### WHAT YOU HAVE TO DO
Return the complete listing without omission.

### SUPPLIED MATERIAL
▶
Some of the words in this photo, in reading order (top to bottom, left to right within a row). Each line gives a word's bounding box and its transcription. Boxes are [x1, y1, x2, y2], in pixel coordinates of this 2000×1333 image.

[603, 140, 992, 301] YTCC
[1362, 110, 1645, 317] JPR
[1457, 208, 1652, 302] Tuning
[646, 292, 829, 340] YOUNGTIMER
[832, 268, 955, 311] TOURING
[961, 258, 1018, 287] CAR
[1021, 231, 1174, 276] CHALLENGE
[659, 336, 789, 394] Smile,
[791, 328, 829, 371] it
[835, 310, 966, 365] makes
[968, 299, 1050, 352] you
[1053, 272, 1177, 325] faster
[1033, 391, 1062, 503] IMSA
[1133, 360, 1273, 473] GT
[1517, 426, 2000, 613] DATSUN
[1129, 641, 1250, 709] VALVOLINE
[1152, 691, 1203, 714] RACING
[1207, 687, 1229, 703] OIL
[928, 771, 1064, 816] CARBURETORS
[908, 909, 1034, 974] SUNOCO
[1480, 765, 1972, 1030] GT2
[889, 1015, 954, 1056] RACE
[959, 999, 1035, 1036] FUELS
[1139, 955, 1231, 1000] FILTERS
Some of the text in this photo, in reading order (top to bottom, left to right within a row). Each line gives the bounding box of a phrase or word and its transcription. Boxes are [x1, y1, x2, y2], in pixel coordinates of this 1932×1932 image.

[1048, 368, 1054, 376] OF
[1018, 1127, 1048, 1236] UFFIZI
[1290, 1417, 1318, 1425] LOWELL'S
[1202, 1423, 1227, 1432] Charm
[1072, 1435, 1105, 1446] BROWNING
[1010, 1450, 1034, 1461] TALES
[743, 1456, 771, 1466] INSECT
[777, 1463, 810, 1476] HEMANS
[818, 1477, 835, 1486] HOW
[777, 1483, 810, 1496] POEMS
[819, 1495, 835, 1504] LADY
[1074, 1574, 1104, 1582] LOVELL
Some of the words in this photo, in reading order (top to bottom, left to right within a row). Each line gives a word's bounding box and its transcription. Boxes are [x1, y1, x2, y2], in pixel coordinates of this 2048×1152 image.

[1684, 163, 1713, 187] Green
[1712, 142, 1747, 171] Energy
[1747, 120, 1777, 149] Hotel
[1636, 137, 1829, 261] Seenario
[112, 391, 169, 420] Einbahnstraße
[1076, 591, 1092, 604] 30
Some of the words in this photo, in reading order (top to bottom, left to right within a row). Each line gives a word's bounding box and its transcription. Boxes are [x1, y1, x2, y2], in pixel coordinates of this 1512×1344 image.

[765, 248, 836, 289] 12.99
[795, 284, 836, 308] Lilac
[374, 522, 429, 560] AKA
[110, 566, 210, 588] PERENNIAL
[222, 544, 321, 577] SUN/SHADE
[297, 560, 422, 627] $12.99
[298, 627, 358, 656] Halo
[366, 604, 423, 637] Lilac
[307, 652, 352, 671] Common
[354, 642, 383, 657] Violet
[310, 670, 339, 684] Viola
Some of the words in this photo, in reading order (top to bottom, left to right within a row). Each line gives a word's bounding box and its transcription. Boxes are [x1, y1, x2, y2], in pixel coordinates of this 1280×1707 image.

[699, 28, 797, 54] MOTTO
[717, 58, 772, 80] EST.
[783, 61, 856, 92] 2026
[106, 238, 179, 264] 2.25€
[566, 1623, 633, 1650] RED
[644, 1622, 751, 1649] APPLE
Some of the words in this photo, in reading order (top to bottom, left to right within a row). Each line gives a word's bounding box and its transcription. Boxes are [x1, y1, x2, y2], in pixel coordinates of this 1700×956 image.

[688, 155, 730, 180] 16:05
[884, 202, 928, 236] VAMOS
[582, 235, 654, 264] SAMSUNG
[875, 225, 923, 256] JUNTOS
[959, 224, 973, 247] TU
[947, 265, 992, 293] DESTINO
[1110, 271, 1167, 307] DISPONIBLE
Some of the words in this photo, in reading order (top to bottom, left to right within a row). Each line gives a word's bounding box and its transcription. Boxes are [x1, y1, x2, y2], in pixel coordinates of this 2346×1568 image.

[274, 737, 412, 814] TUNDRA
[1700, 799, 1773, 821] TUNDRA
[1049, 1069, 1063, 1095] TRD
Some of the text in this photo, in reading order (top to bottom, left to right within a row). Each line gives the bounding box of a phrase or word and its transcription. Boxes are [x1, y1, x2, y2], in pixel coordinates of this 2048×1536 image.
◀
### WRITTEN SOLUTION
Some of the words in this photo, in reading order (top to bottom, left to right within a row). Each line gives a word's bounding box and its transcription. Boxes are [x1, y1, x2, y2], in pixel coordinates of this 2000×1333 image.

[603, 140, 992, 301] YTCC
[1362, 110, 1645, 317] JPR
[1457, 208, 1652, 302] Tuning
[646, 292, 829, 340] YOUNGTIMER
[832, 268, 955, 311] TOURING
[961, 258, 1018, 287] CAR
[1021, 231, 1174, 276] CHALLENGE
[659, 336, 789, 394] Smile,
[791, 328, 829, 371] it
[835, 310, 966, 365] makes
[968, 299, 1050, 352] you
[1053, 272, 1177, 325] faster
[1033, 391, 1062, 503] IMSA
[1133, 360, 1273, 473] GT
[1517, 426, 2000, 613] DATSUN
[1129, 641, 1250, 709] VALVOLINE
[1152, 691, 1203, 714] RACING
[1207, 687, 1229, 703] OIL
[928, 771, 1064, 816] CARBURETORS
[908, 909, 1034, 974] SUNOCO
[1480, 765, 1972, 1030] GT2
[889, 1015, 954, 1056] RACE
[959, 999, 1035, 1036] FUELS
[1139, 955, 1231, 1000] FILTERS
Some of the text in this photo, in reading order (top to bottom, left to right within a row). Each line gives the bounding box of a phrase or word and its transcription. Boxes are [x1, y1, x2, y2], in pixel coordinates of this 1932×1932 image.

[1048, 368, 1054, 376] OF
[1018, 1127, 1048, 1236] UFFIZI
[1290, 1417, 1318, 1425] LOWELL'S
[1202, 1423, 1227, 1432] Charm
[1072, 1435, 1105, 1446] BROWNING
[1010, 1450, 1034, 1461] TALES
[743, 1456, 771, 1466] INSECT
[777, 1463, 810, 1476] HEMANS
[818, 1477, 835, 1486] HOW
[777, 1483, 810, 1496] POEMS
[819, 1495, 835, 1504] LADY
[1074, 1574, 1104, 1582] LOVELL
Some of the words in this photo, in reading order (top to bottom, left to right within a row). Each line gives a word's bounding box and its transcription. Boxes are [x1, y1, x2, y2], in pixel coordinates of this 2048×1152 image.

[1684, 163, 1713, 187] Green
[1712, 142, 1747, 171] Energy
[1747, 120, 1777, 149] Hotel
[1636, 137, 1829, 261] Seenario
[112, 391, 169, 420] Einbahnstraße
[1076, 591, 1092, 604] 30
Some of the words in this photo, in reading order (top to bottom, left to right within a row). Each line gives a word's bounding box and its transcription. Boxes are [x1, y1, x2, y2], in pixel coordinates of this 1512×1344 image.

[765, 248, 836, 289] 12.99
[795, 284, 836, 308] Lilac
[374, 522, 429, 560] AKA
[110, 566, 210, 588] PERENNIAL
[222, 544, 321, 577] SUN/SHADE
[297, 560, 422, 627] $12.99
[298, 627, 358, 656] Halo
[366, 604, 423, 637] Lilac
[307, 652, 352, 671] Common
[354, 642, 383, 657] Violet
[310, 670, 339, 684] Viola
Some of the words in this photo, in reading order (top to bottom, left to right within a row). Each line gives a word's bounding box and its transcription. Boxes are [x1, y1, x2, y2], in pixel coordinates of this 1280×1707 image.

[699, 28, 797, 54] MOTTO
[717, 58, 772, 80] EST.
[783, 61, 856, 92] 2026
[106, 238, 179, 264] 2.25€
[566, 1623, 633, 1650] RED
[644, 1622, 751, 1649] APPLE
Some of the words in this photo, in reading order (top to bottom, left to right within a row). Each line gives a word's bounding box and its transcription. Boxes are [x1, y1, x2, y2], in pixel coordinates of this 1700×956 image.

[688, 155, 730, 180] 16:05
[884, 202, 928, 236] VAMOS
[582, 235, 654, 264] SAMSUNG
[875, 225, 923, 256] JUNTOS
[959, 224, 973, 247] TU
[947, 265, 992, 293] DESTINO
[1110, 271, 1167, 307] DISPONIBLE
Some of the words in this photo, in reading order (top to bottom, left to right within a row). Each line gives a word's bounding box and its transcription. Boxes are [x1, y1, x2, y2], in pixel coordinates of this 2346×1568 image.

[274, 737, 412, 814] TUNDRA
[1700, 799, 1773, 821] TUNDRA
[1049, 1069, 1063, 1095] TRD
Some of the text in this photo, in reading order (top to bottom, left to right within a row). Each line gives the bounding box of a phrase or word and its transcription. Boxes are [x1, y1, x2, y2], in pixel coordinates of this 2048×1536 image.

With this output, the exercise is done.